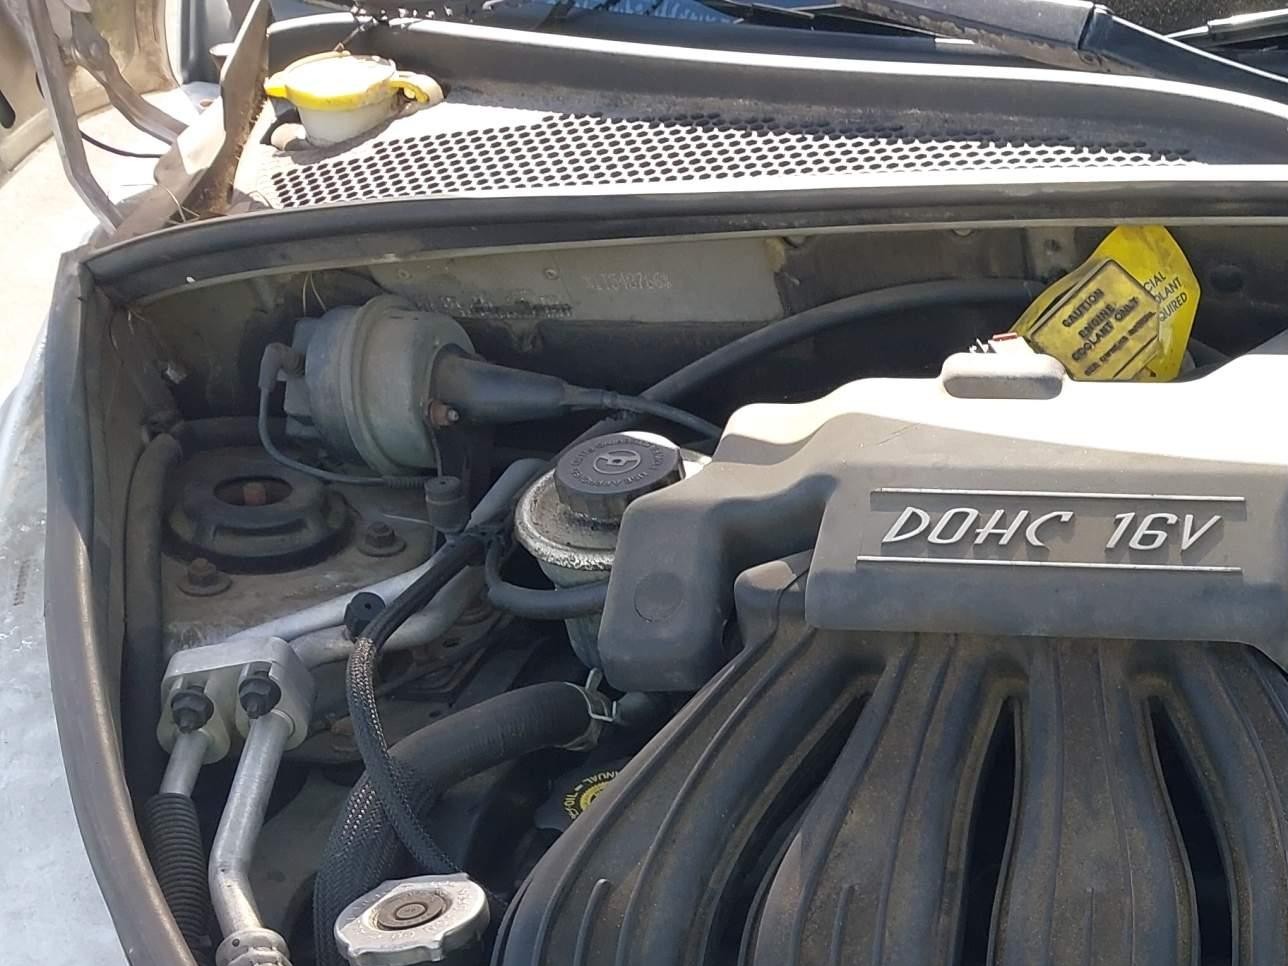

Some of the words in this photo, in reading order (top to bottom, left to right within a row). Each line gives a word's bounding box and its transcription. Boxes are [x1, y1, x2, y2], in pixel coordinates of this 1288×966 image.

[1143, 271, 1166, 292] CIAL
[1155, 277, 1182, 304] OLANT
[1062, 288, 1105, 328] CAUTION
[1078, 304, 1116, 338] ENGINE
[1159, 291, 1188, 322] QUIRED
[1071, 321, 1115, 361] COOLANT
[1114, 296, 1139, 322] ONLY
[881, 505, 1074, 548] DOHC
[1105, 511, 1222, 551] 16V
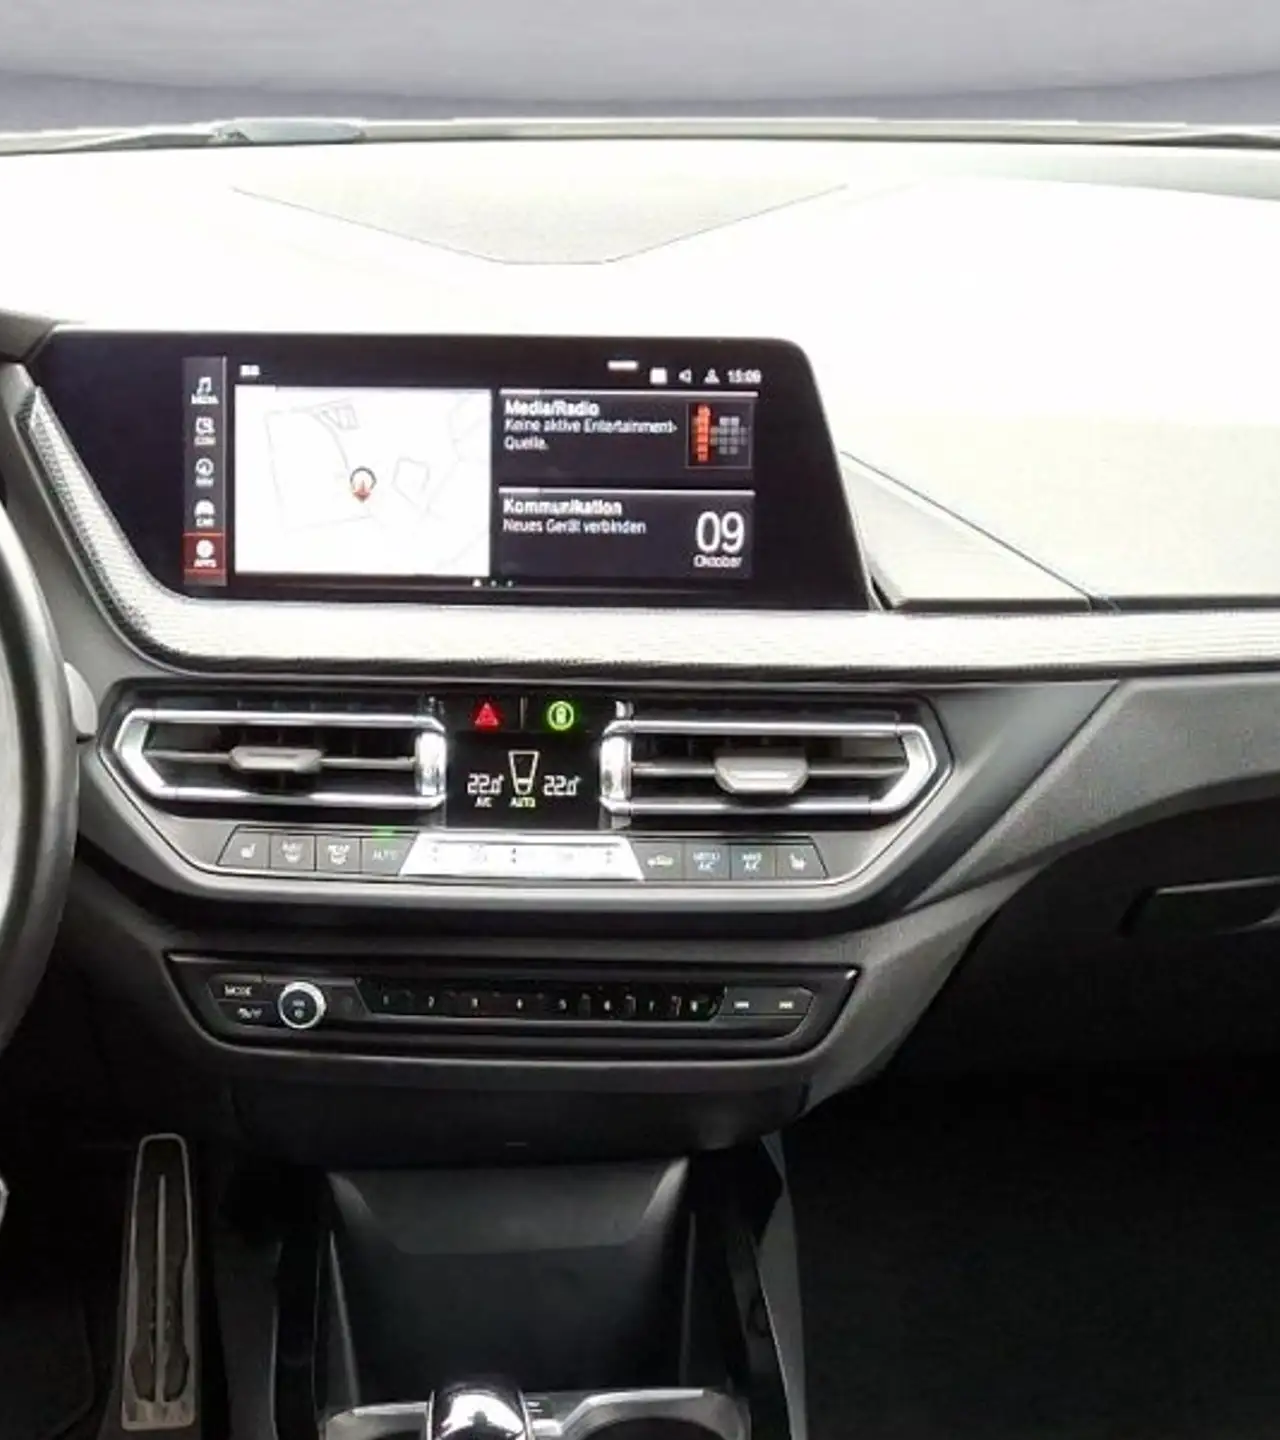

### Exercise directions:
Transcribe the data verbatim. No picture belongs in the result.

### Answer box:
Some of the words in this photo, in reading order (top to bottom, left to right within a row). Each line gives a word's bounding box and its transcription. Boxes are [x1, y1, x2, y2], in pixel coordinates of this 1288×966 image.

[1143, 271, 1166, 292] CIAL
[1155, 277, 1182, 304] OLANT
[1062, 288, 1105, 328] CAUTION
[1078, 304, 1116, 338] ENGINE
[1159, 291, 1188, 322] QUIRED
[1071, 321, 1115, 361] COOLANT
[1114, 296, 1139, 322] ONLY
[881, 505, 1074, 548] DOHC
[1105, 511, 1222, 551] 16V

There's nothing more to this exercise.